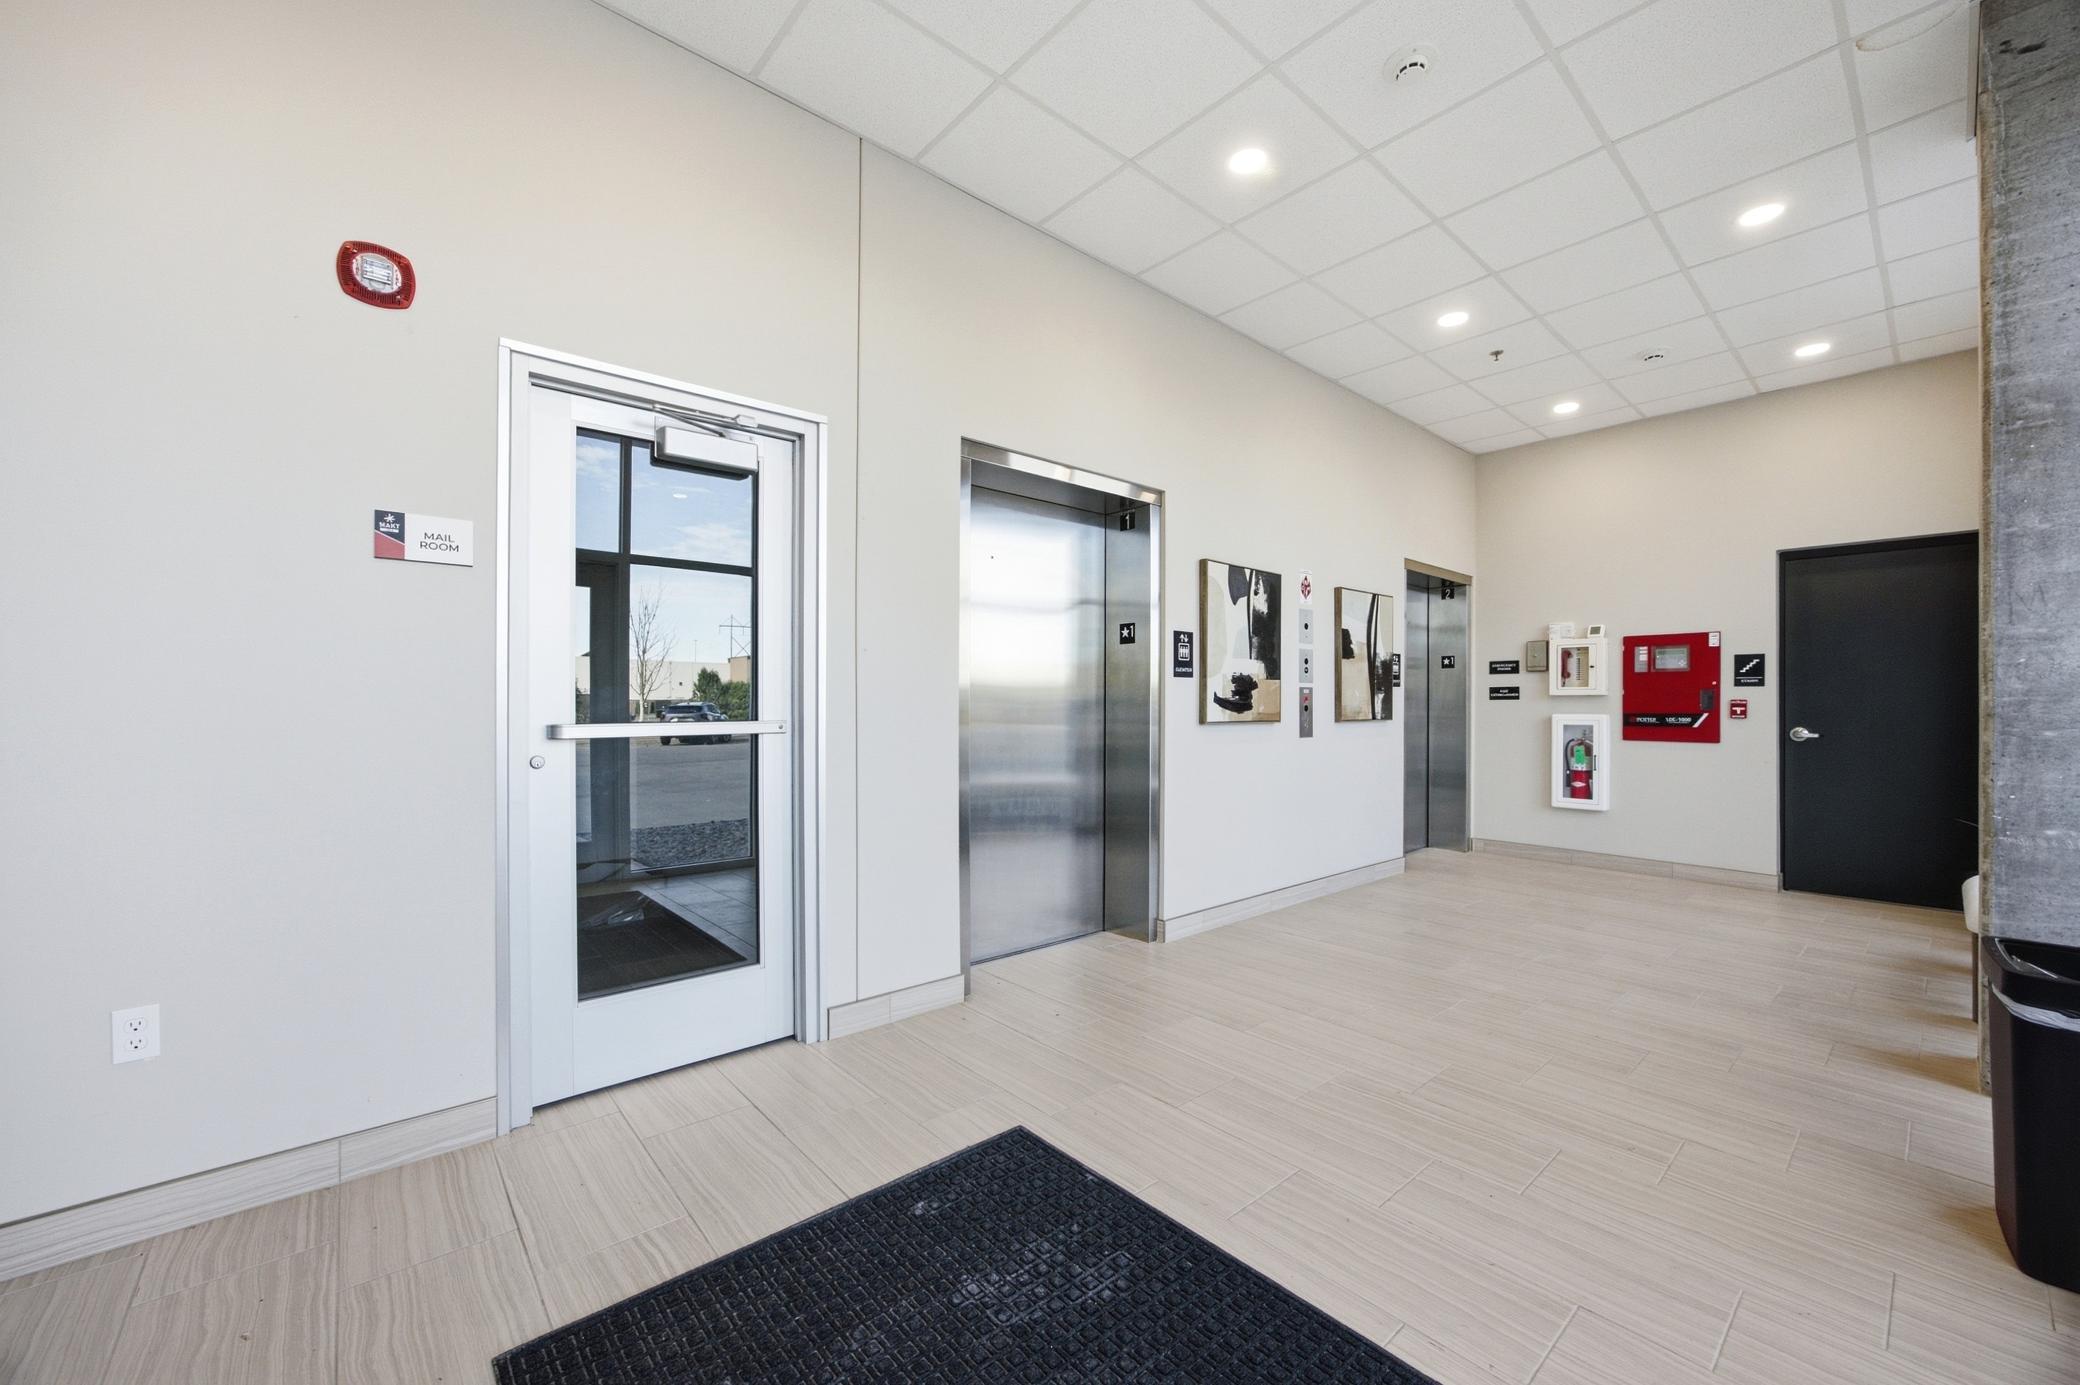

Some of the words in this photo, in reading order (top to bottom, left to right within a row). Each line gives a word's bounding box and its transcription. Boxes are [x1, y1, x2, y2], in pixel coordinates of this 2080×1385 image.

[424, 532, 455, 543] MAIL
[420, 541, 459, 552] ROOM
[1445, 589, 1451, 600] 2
* * *
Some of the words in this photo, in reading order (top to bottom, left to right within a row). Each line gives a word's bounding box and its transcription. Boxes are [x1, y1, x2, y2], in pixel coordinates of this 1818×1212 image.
--
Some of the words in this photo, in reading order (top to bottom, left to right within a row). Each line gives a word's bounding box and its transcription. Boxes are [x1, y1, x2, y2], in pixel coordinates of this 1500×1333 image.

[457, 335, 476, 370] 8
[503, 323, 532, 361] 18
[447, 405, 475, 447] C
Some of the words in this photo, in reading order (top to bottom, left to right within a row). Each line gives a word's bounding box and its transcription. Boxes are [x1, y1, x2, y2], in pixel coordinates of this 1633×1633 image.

:: Exercise details ::
Look above for the line holding "this 1500×1333 image." and the line holding "this 1633×1633 image.". Retype both, and every line between them, word for word and nothing else.

:: Output for this task ::
Some of the words in this photo, in reading order (top to bottom, left to right within a row). Each line gives a word's bounding box and its transcription. Boxes are [x1, y1, x2, y2], in pixel coordinates of this 1500×1333 image.

[457, 335, 476, 370] 8
[503, 323, 532, 361] 18
[447, 405, 475, 447] C
Some of the words in this photo, in reading order (top to bottom, left to right within a row). Each line gives a word's bounding box and its transcription. Boxes are [x1, y1, x2, y2], in pixel coordinates of this 1633×1633 image.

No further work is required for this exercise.